Di rivolta e di rivoluzione.
Da Torino a Detroit, da Berlino a Tokio, da Parigi ad Atene le rivolte puzzavano e puzzano di benzina.
Signori per bene: tappatevi il naso.
Poi venne la crisi petrolifera
Poi venne la crisi petrolifera.
Nell’inverno tra il 1973 e il 1974 gli italiani si abituarono alle domeniche dalle targhe alterne.
Calarono i consumi, il vinile diventò più leggero ed elastico, aumentarono i prezzi dei carburanti e dei dischi.
Chi poteva si rifugiava fuori città il sabato sera per rientrare poi la domenica sera, dopo mezzanotte.
Il modello economico basato sull’imprescindibile binomio auto-petrolio sembrava destinato a entrare in clandestinità.
E quei sabati e domeniche passati spesso in qualche baita sperduta, diventarono per alcuni anticipazione di clandestinità future.
Comunque, in attesa di rovesciare il mondo, noi si giocava a Risiko.
Quella prima crisi, comunque, si portò via un bel po’ di sogni di sviluppo infinito e fu all’inizio del primo catastrofismo capitalistico.
Improvvisamente sembrò che il capitale e la società industriale scoprissero i propri limiti.
I limiti dello sviluppo si intitolò proprio un primo rapporto ufficiale pubblicato in quegli anni.
Ma le sette sorelle non videro diminuire i propri profitti, anzi.
Piuttosto furono i lavoratori a veder uscire dalle proprie tasche ciò che era appena entrato con le lotte.
Ovaldo morì proprio nel 1973, a quarantatre anni.
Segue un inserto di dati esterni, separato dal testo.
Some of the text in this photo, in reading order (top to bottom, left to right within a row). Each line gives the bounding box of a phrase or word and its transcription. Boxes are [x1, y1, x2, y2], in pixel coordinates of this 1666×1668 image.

Anni dopo molti benzinai ammalati, come lui, di tumore intentarono causa alle società petrolifere per le sostanze cancerogene contenute nei carburanti.
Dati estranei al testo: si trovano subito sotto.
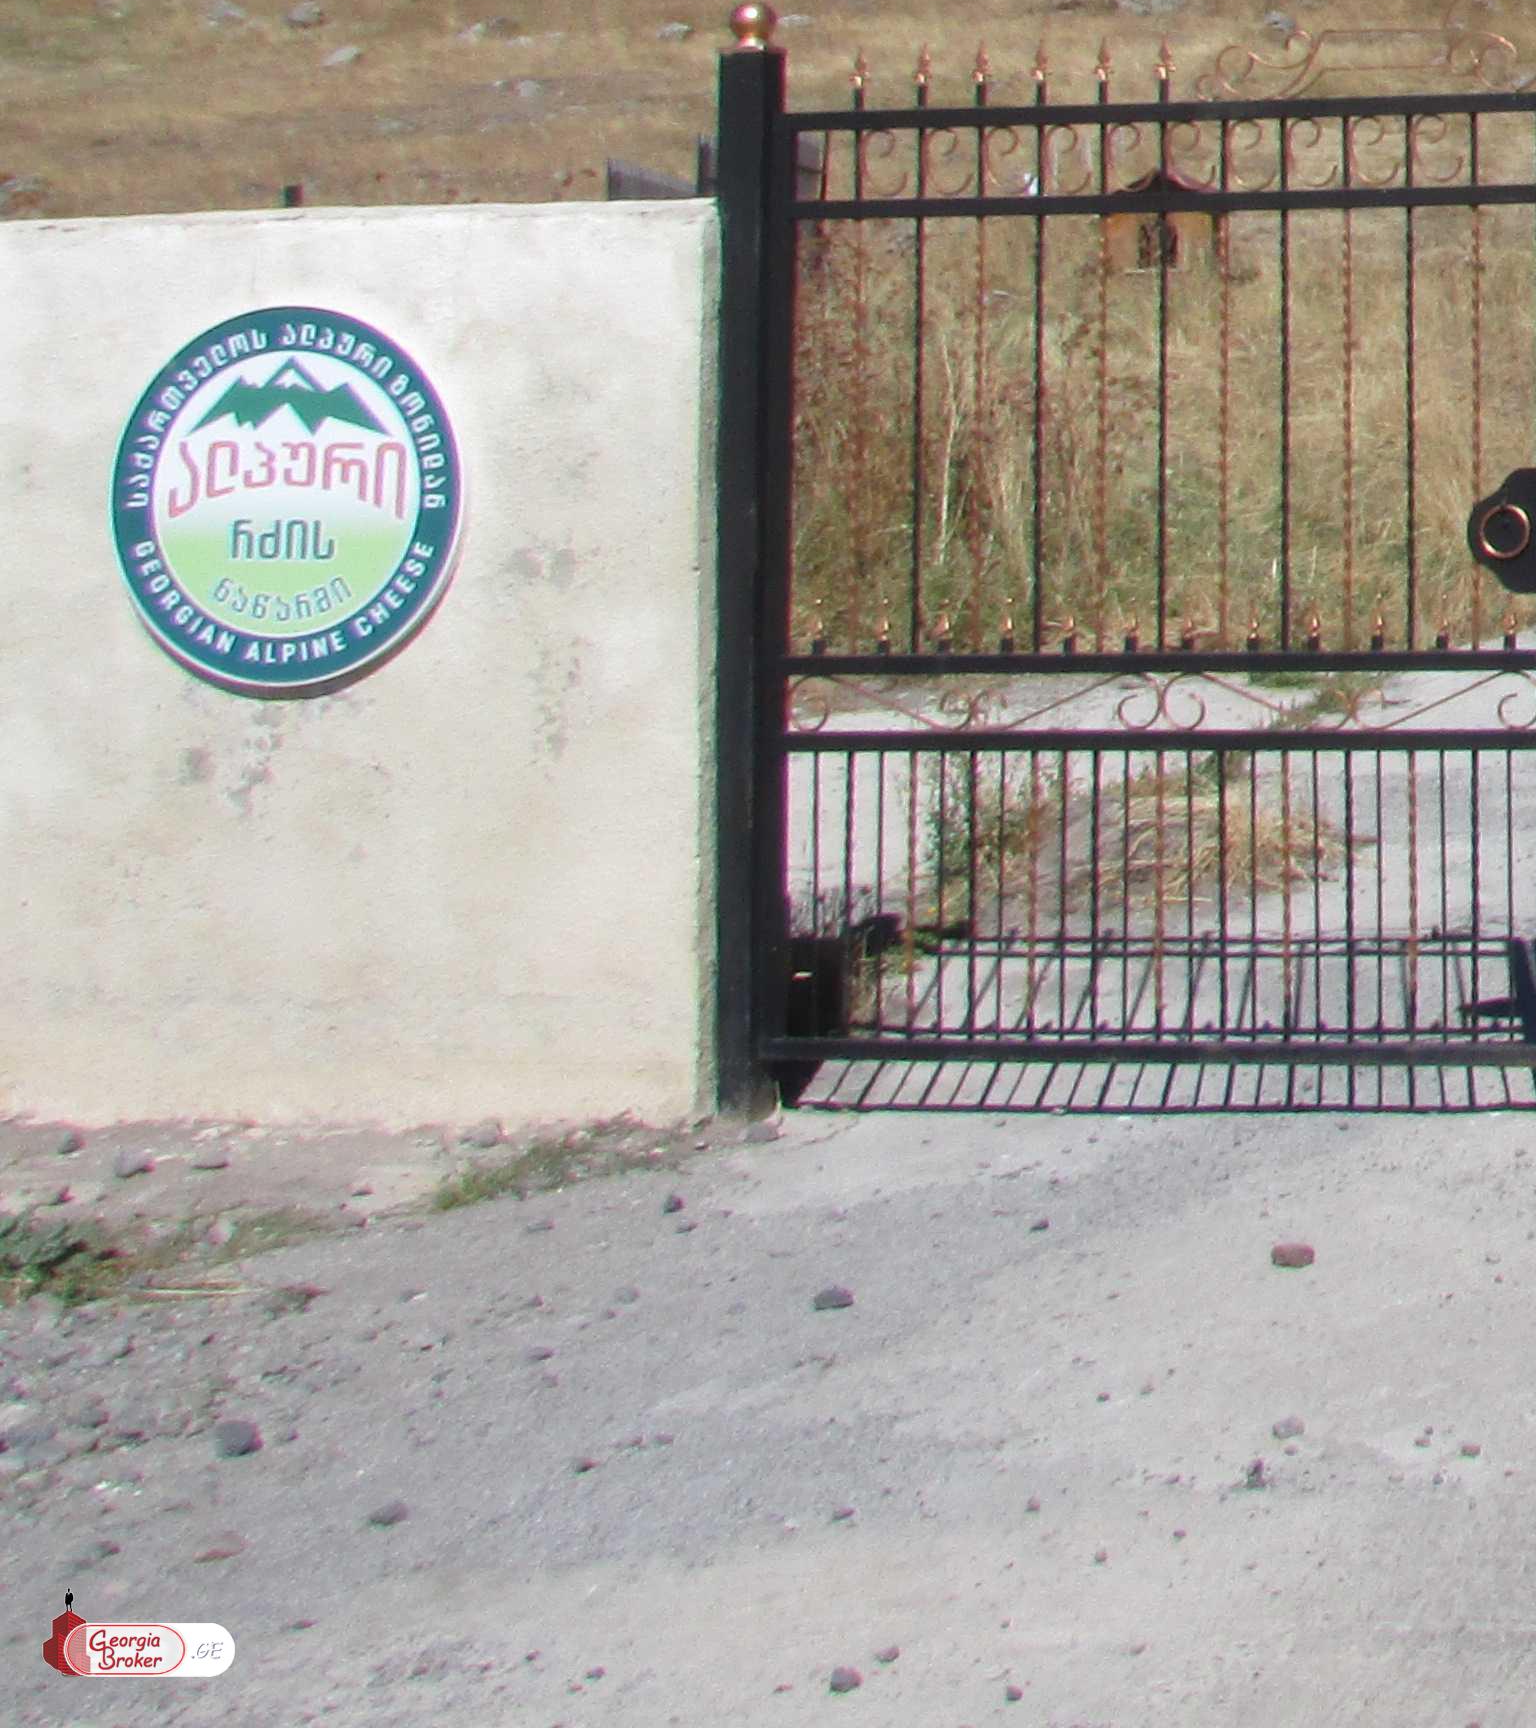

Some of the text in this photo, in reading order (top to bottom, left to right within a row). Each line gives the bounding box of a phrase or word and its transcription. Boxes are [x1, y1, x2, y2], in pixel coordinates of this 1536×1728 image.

[127, 323, 446, 508] საქართველოს ალპური ზონიდან
[168, 440, 407, 519] ალპური
[231, 519, 335, 560] რძის
[134, 541, 434, 663] GEORGIAN ALPINE CHEESE
[213, 577, 352, 621] ნაწარმი
Non so che fine abbiano fatto quelle cause.
Ma per molti le piccole fortune basate sul commercio finirono lì.
Mio padre rimase solo sullo spiazzo del distributore.
Quella magia e quell’amicizia erano finite.
Forse cominciò lì a morire, perché il primo infarto lo colse sul lavoro. E il secondo anche.
Nel 1976, con il governo Moro, ci fu un altro forte aumento del prezzo della benzina.
Ci si aspettava rivolte e proteste: non avvenne nulla di tutto ciò.
A ripensarci ora c’è da dire che forse i due sogni cominciarono a svanire insieme: quello dello sviluppo infinito e quello delle rivoluzione proletaria.
E, forse, l’uno aveva generato l’altro.
A noi rimasero comunque il rock’n’roll, i viaggi on the road, il sogno della rivolta e la spavalderia da giovani imbroglioni.
Forse non ho mai voluto o chiesto, davvero, di più.
FINE DEL SECONDO “CANTO”
NOTE:
1) “Chi non ha cento milioni, al giorno d’oggi, è un asino”.